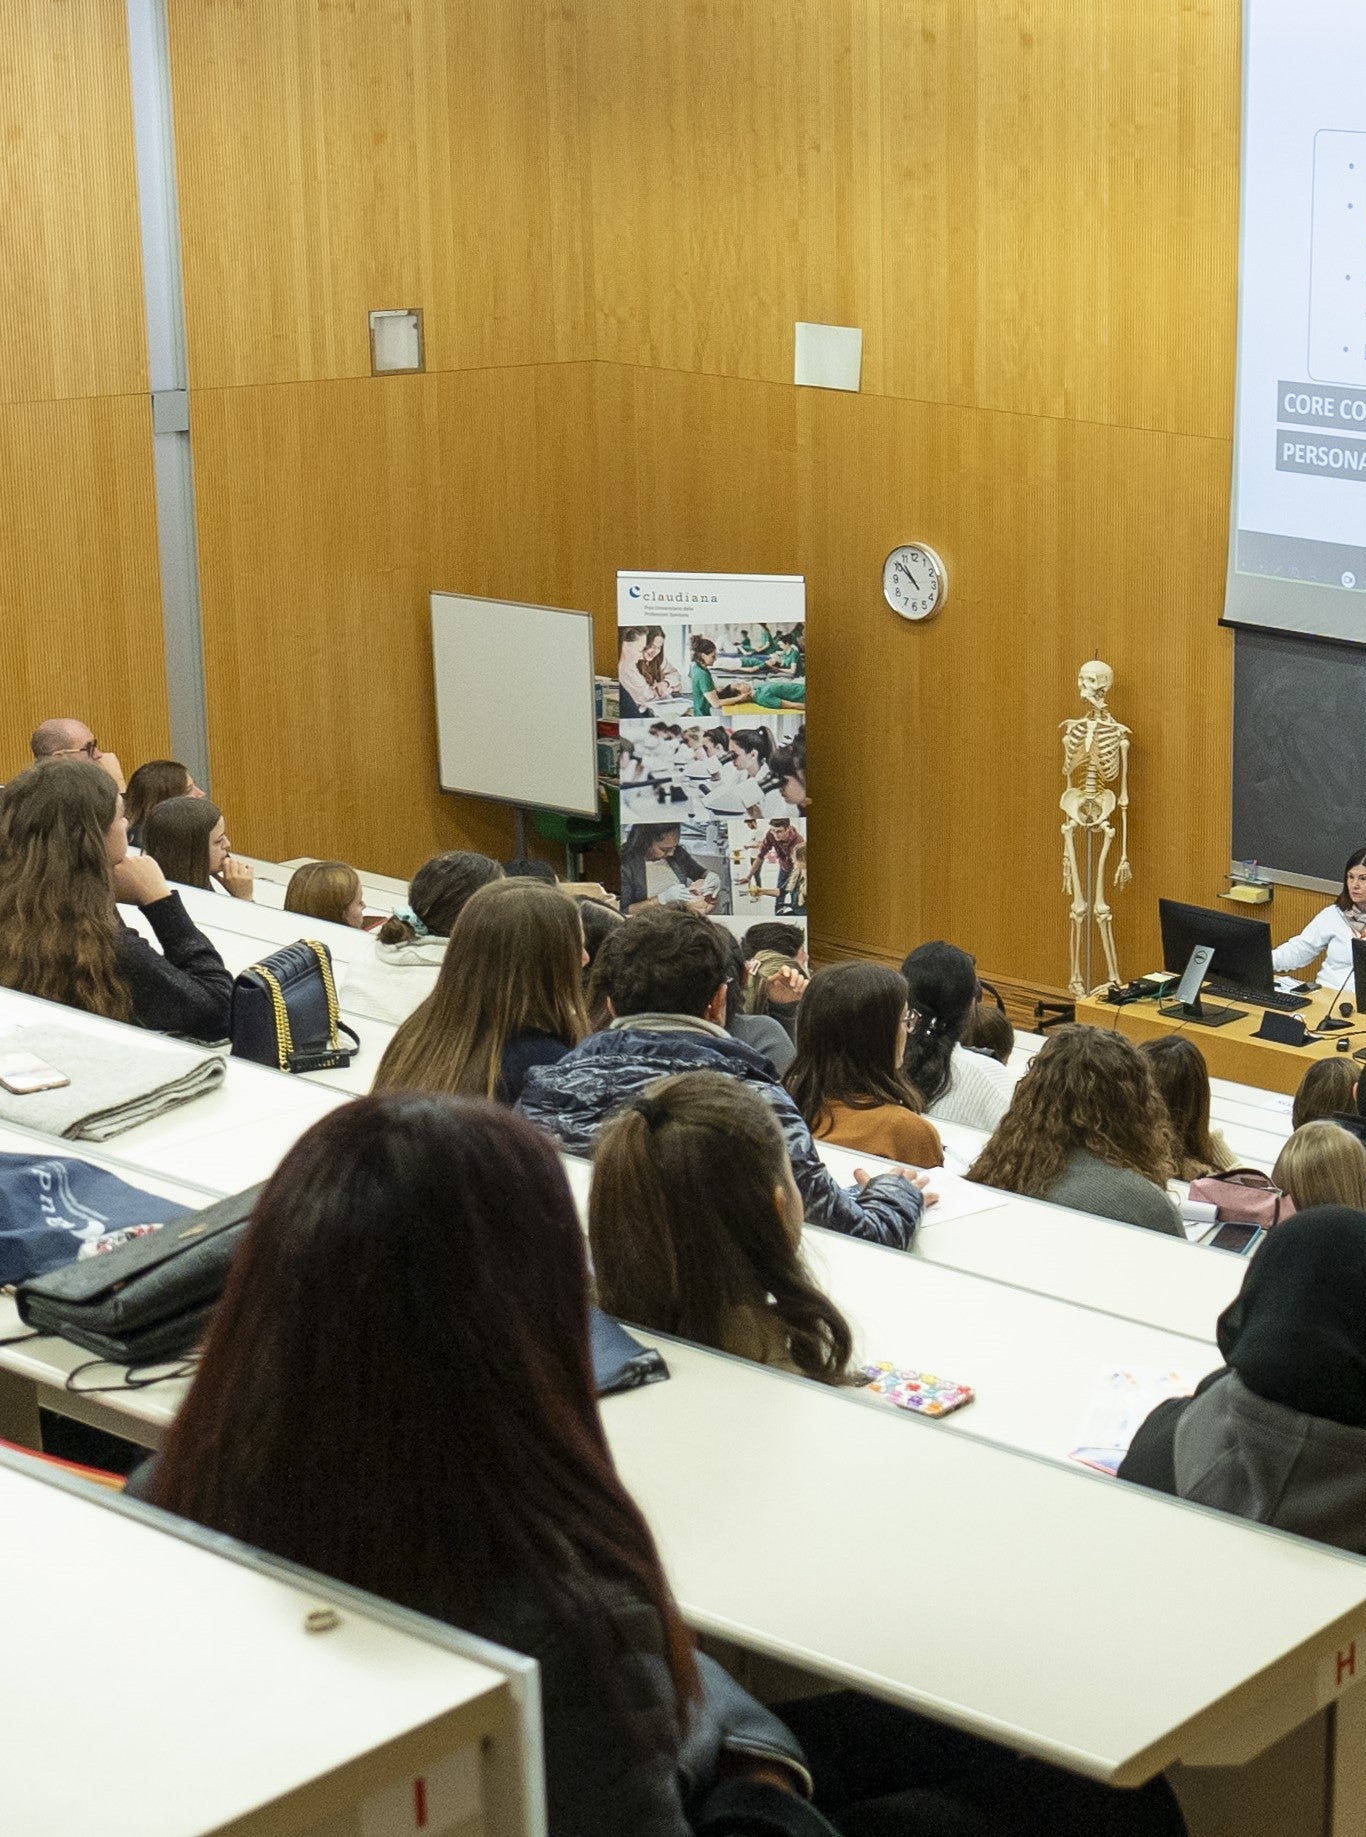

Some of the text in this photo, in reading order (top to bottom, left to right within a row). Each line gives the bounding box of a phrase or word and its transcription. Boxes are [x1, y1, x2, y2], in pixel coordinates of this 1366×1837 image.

[1284, 392, 1335, 418] CORE
[901, 554, 909, 564] 11
[910, 552, 919, 562] 12
[922, 558, 926, 567] 1
[928, 568, 935, 577] 2
[892, 574, 899, 584] 9
[931, 581, 936, 590] 3
[643, 591, 718, 603] claudiana
[895, 587, 901, 597] 8
[928, 593, 934, 601] 4
[903, 597, 909, 606] 7
[911, 602, 918, 611] 6
[921, 600, 927, 610] 5
[1336, 1641, 1356, 1685] H
[413, 1778, 427, 1828] I

__To do__: Write out the material above exactly, and omit the pictures it holds.

__Your response__:
Some of the text in this photo, in reading order (top to bottom, left to right within a row). Each line gives the bounding box of a phrase or word and its transcription. Boxes are [x1, y1, x2, y2], in pixel coordinates of this 1366×1837 image.

[1284, 392, 1335, 418] CORE
[901, 554, 909, 564] 11
[910, 552, 919, 562] 12
[922, 558, 926, 567] 1
[928, 568, 935, 577] 2
[892, 574, 899, 584] 9
[931, 581, 936, 590] 3
[643, 591, 718, 603] claudiana
[895, 587, 901, 597] 8
[928, 593, 934, 601] 4
[903, 597, 909, 606] 7
[911, 602, 918, 611] 6
[921, 600, 927, 610] 5
[1336, 1641, 1356, 1685] H
[413, 1778, 427, 1828] I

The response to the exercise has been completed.